Charles nega com a cabeça. Mesmo que eu não tenha demonstrado na hora, fico um pouco nervoso.
— Ainda teremos que viver um pouco essa realidade para descobrir.
O jogo começa e as meninas torcem, tanto de um lado como de outro; gritos de guerra, saltos, dancinhas coreografadas e sincronizadas... tudo até aquele momento está normal e já se passou uns 10 minutos.
— PESADELOOOS! AII! PESADELOOOS!! ♪ — As meninas do outro ladro vibram mais alto.
O time deles marca um gol nos Morritos Brancos logo após isso. Incrível como a moral sobe com a vibração e a energia das líderes, tanto do time quanto dos torcedores. Mas aí é que chegamos à parte esquisita de todo esse teatrinho.

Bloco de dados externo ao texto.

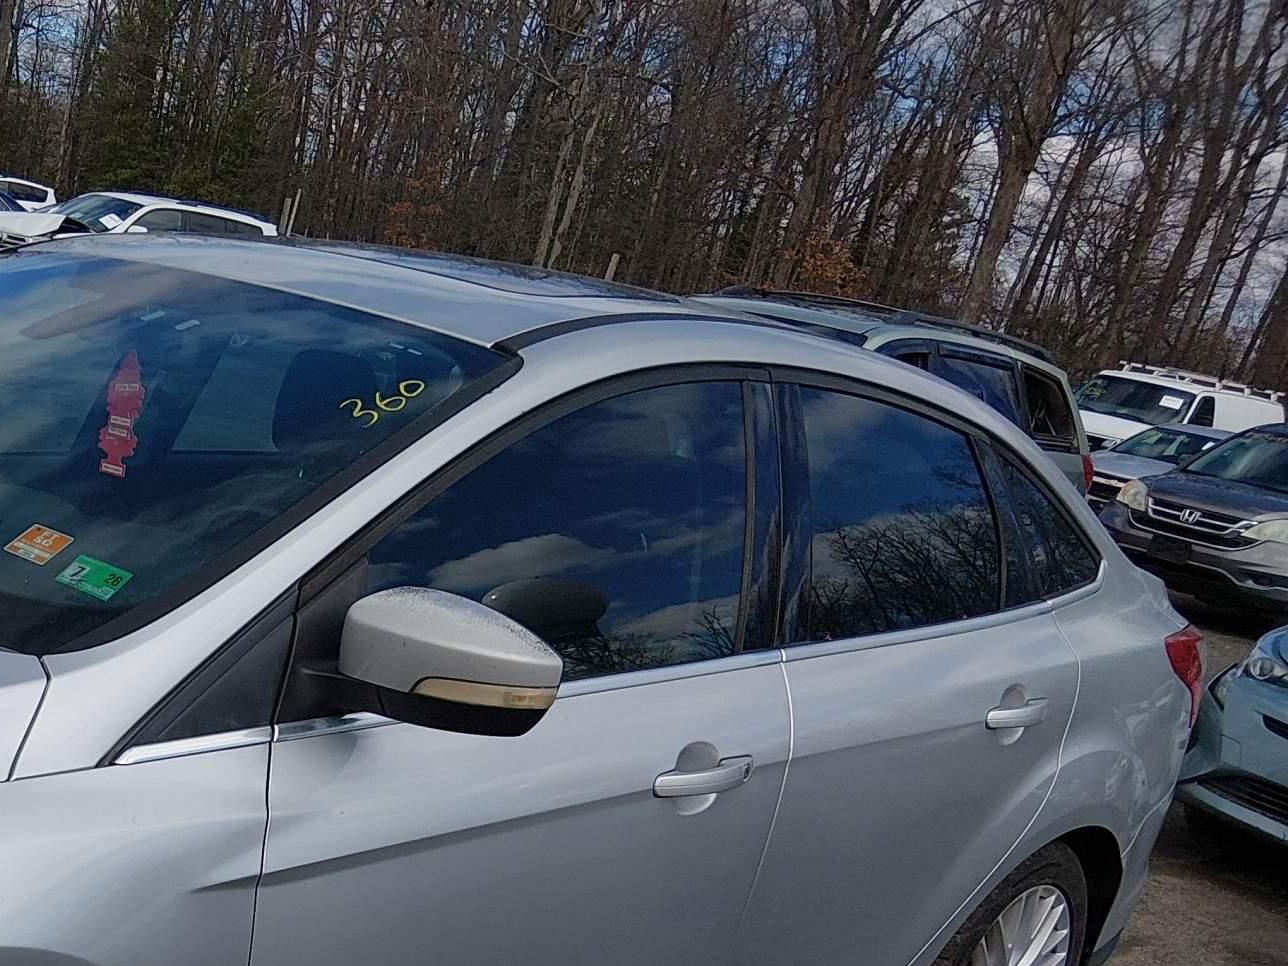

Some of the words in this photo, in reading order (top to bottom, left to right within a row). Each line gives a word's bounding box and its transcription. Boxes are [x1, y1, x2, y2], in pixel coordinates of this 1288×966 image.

[338, 379, 426, 429] 360
[69, 565, 87, 578] 7
[103, 573, 124, 587] 26

Um domo transparente se desfaz e é a primeira vez que vejo essa película fina e invisível. Isso ocorre ao mesmo tempo que os pompons das líderes do time adversário começam a brilhar, como se... como se estivessem em chamas.
Não, espera... eles estão em chamas!
— Saaashii! Toma cuidado! — grito automaticamente, me ejetando do banco.
Em manobras acrobáticas de uma dança alucinada, os pesadelos em forma de meninas jogam seus pompons incendiados na direção das líderes do Morritos Brancos. Um bombardeio de pompons pegando fogo sem fim!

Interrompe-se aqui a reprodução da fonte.